> [YOUR INSTRUCTIONS]
Transcribe all of the data verbatim, please, and leave out its pictures.

START DATA EXTRACT

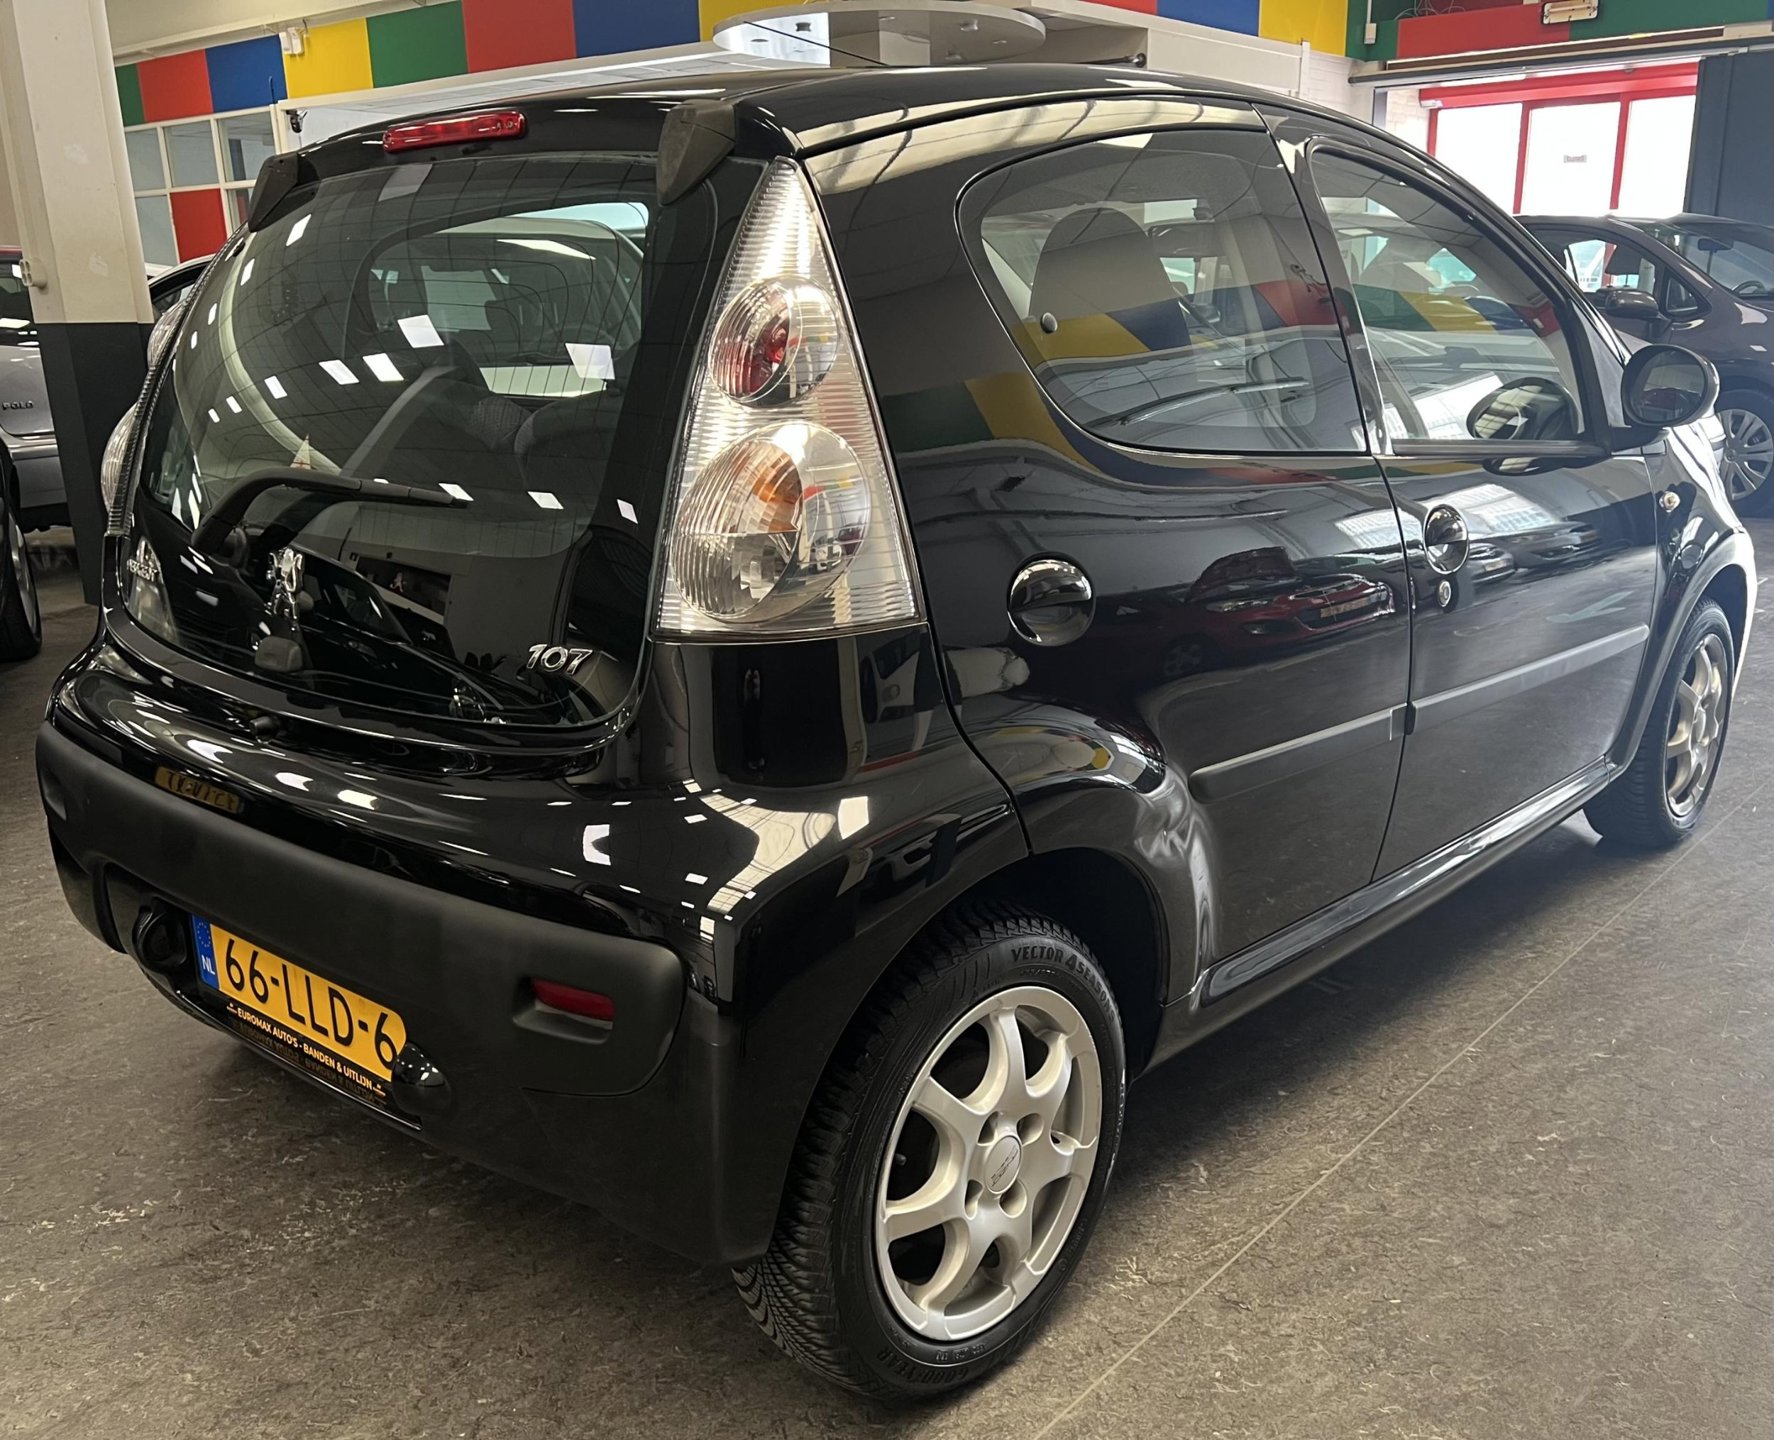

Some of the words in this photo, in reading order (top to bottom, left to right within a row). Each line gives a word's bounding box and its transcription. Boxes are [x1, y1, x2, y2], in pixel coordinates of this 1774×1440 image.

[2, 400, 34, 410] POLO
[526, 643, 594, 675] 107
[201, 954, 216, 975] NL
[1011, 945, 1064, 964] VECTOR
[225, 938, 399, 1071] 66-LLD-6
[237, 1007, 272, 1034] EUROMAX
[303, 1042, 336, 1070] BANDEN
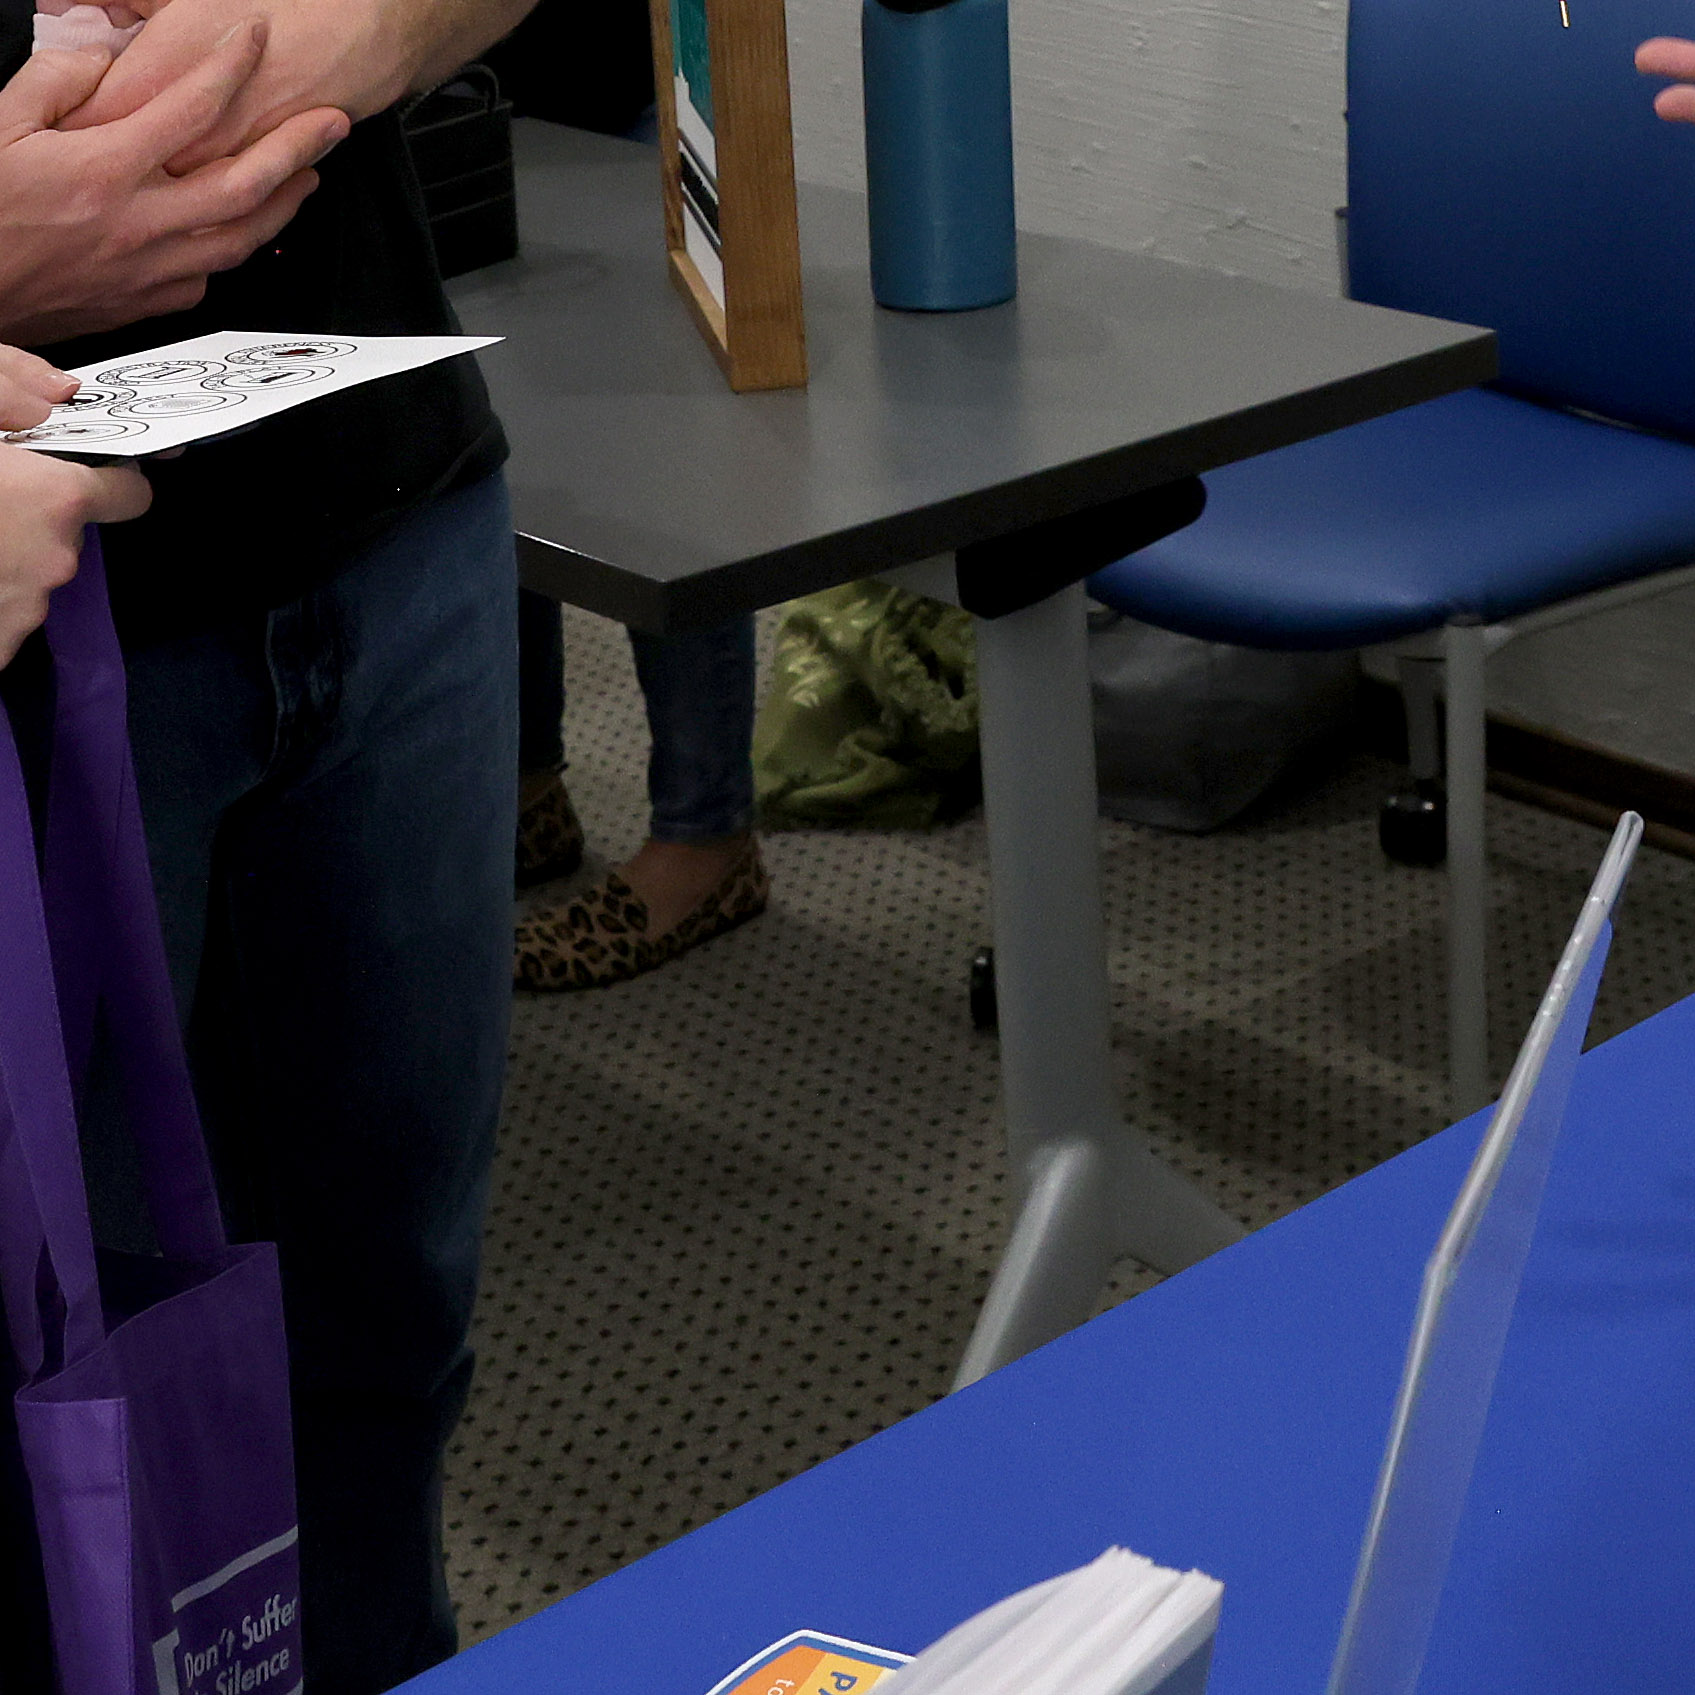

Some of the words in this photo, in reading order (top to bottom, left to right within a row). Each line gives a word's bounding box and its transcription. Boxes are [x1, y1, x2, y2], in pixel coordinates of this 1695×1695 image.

END DATA EXTRACT

> [SOLUTION]
Some of the words in this photo, in reading order (top to bottom, left to right within a row). Each line gives a word's bounding box and its transcription. Boxes are [x1, y1, x2, y2], in pixel coordinates of this 1774×1440 image.

[2, 400, 34, 410] POLO
[526, 643, 594, 675] 107
[201, 954, 216, 975] NL
[1011, 945, 1064, 964] VECTOR
[225, 938, 399, 1071] 66-LLD-6
[237, 1007, 272, 1034] EUROMAX
[303, 1042, 336, 1070] BANDEN

Some of the words in this photo, in reading order (top to bottom, left to right within a row). Each line gives a word's bounding box and its transcription. Boxes are [x1, y1, x2, y2], in pixel coordinates of this 1695×1695 image.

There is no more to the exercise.